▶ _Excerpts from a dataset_
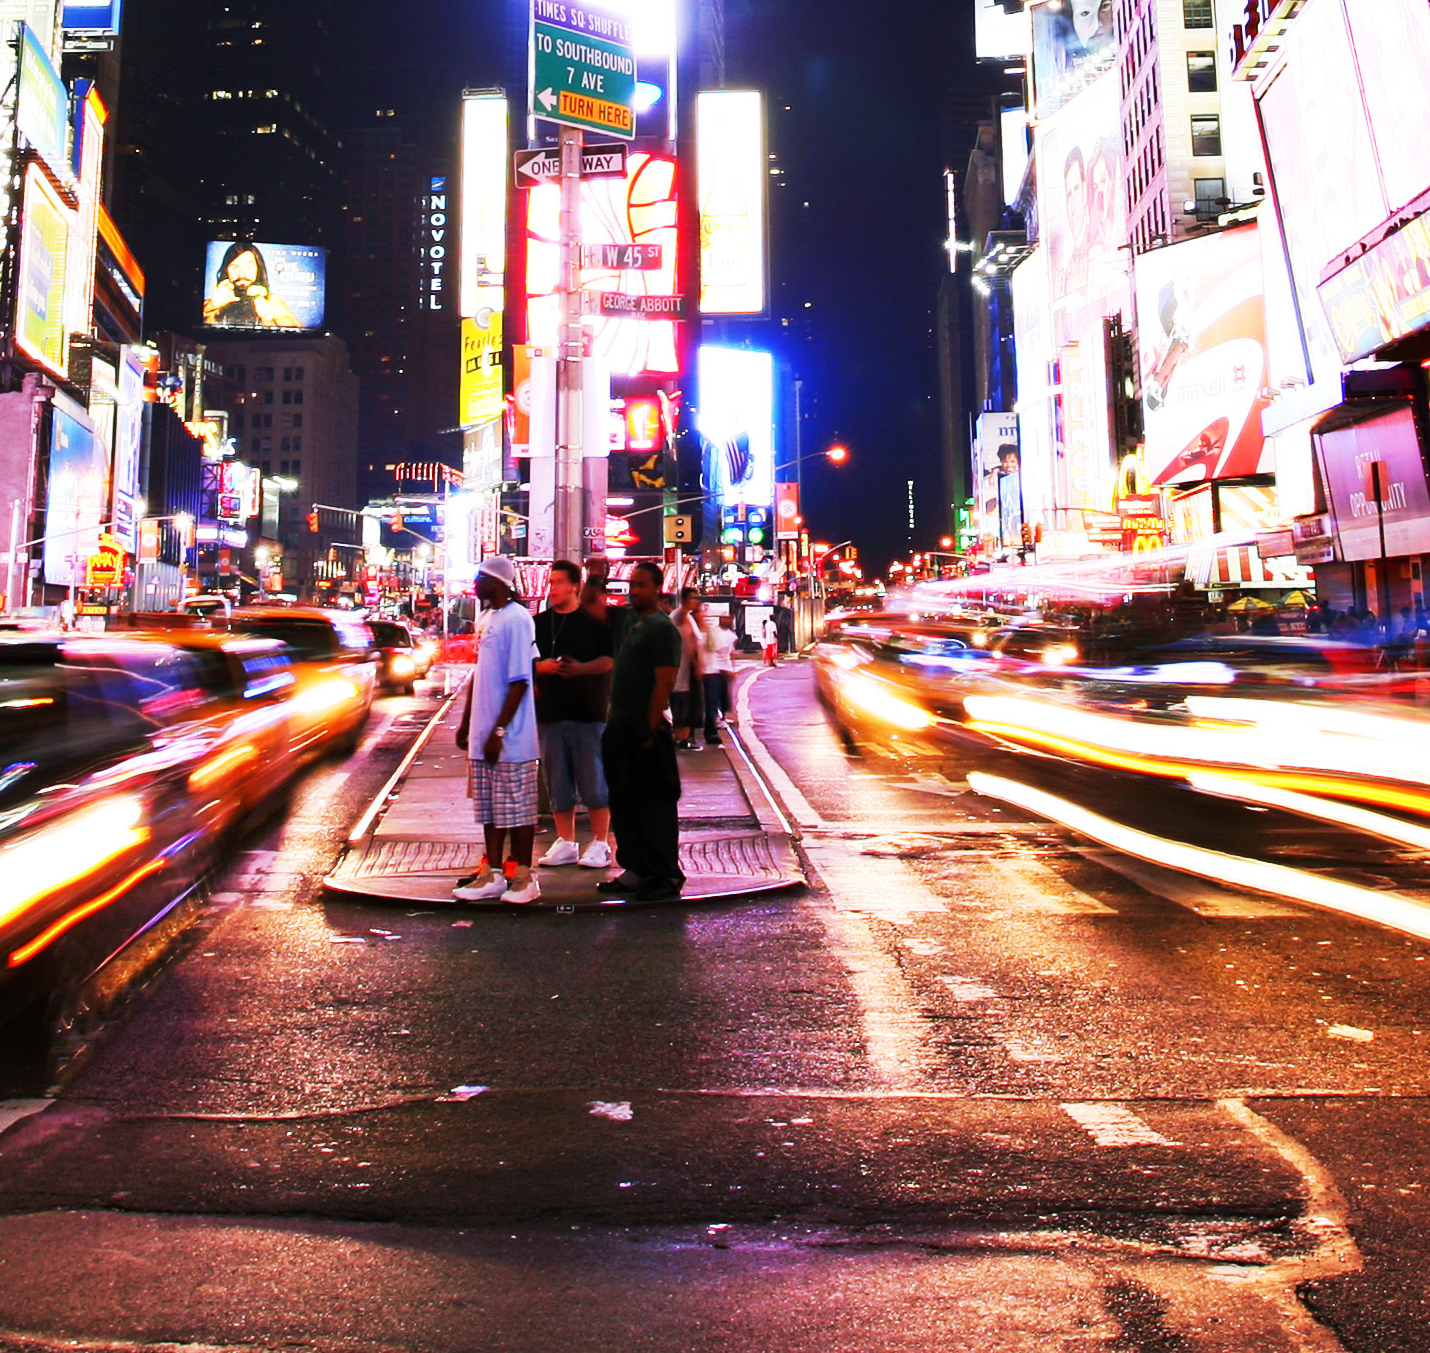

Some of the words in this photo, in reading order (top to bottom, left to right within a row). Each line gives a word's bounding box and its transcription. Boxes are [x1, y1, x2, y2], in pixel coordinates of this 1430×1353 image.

[588, 13, 632, 42] SHUFFLE
[536, 32, 552, 54] TO
[556, 38, 634, 75] SOUTHBOUND
[566, 66, 575, 84] 7
[581, 72, 605, 93] AVE
[561, 93, 594, 118] TURN
[598, 104, 629, 127] HERE
[531, 157, 559, 176] ONE
[581, 155, 614, 171] WAY
[429, 194, 447, 311] NOVOTEL
[606, 247, 618, 268] W
[623, 246, 643, 268] 45
[647, 246, 660, 258] ST
[602, 292, 637, 311] GEORGE
[640, 297, 682, 312] ABBOTT

▶ _ABOUT THIS TASK_
All entries are to be retyped exactly. Omit any embedded images.

▶ _COMPLETED TASK_
Some of the words in this photo, in reading order (top to bottom, left to right within a row). Each line gives a word's bounding box and its transcription. Boxes are [x1, y1, x2, y2], in pixel coordinates of this 1430×1353 image.

[588, 13, 632, 42] SHUFFLE
[536, 32, 552, 54] TO
[556, 38, 634, 75] SOUTHBOUND
[566, 66, 575, 84] 7
[581, 72, 605, 93] AVE
[561, 93, 594, 118] TURN
[598, 104, 629, 127] HERE
[531, 157, 559, 176] ONE
[581, 155, 614, 171] WAY
[429, 194, 447, 311] NOVOTEL
[606, 247, 618, 268] W
[623, 246, 643, 268] 45
[647, 246, 660, 258] ST
[602, 292, 637, 311] GEORGE
[640, 297, 682, 312] ABBOTT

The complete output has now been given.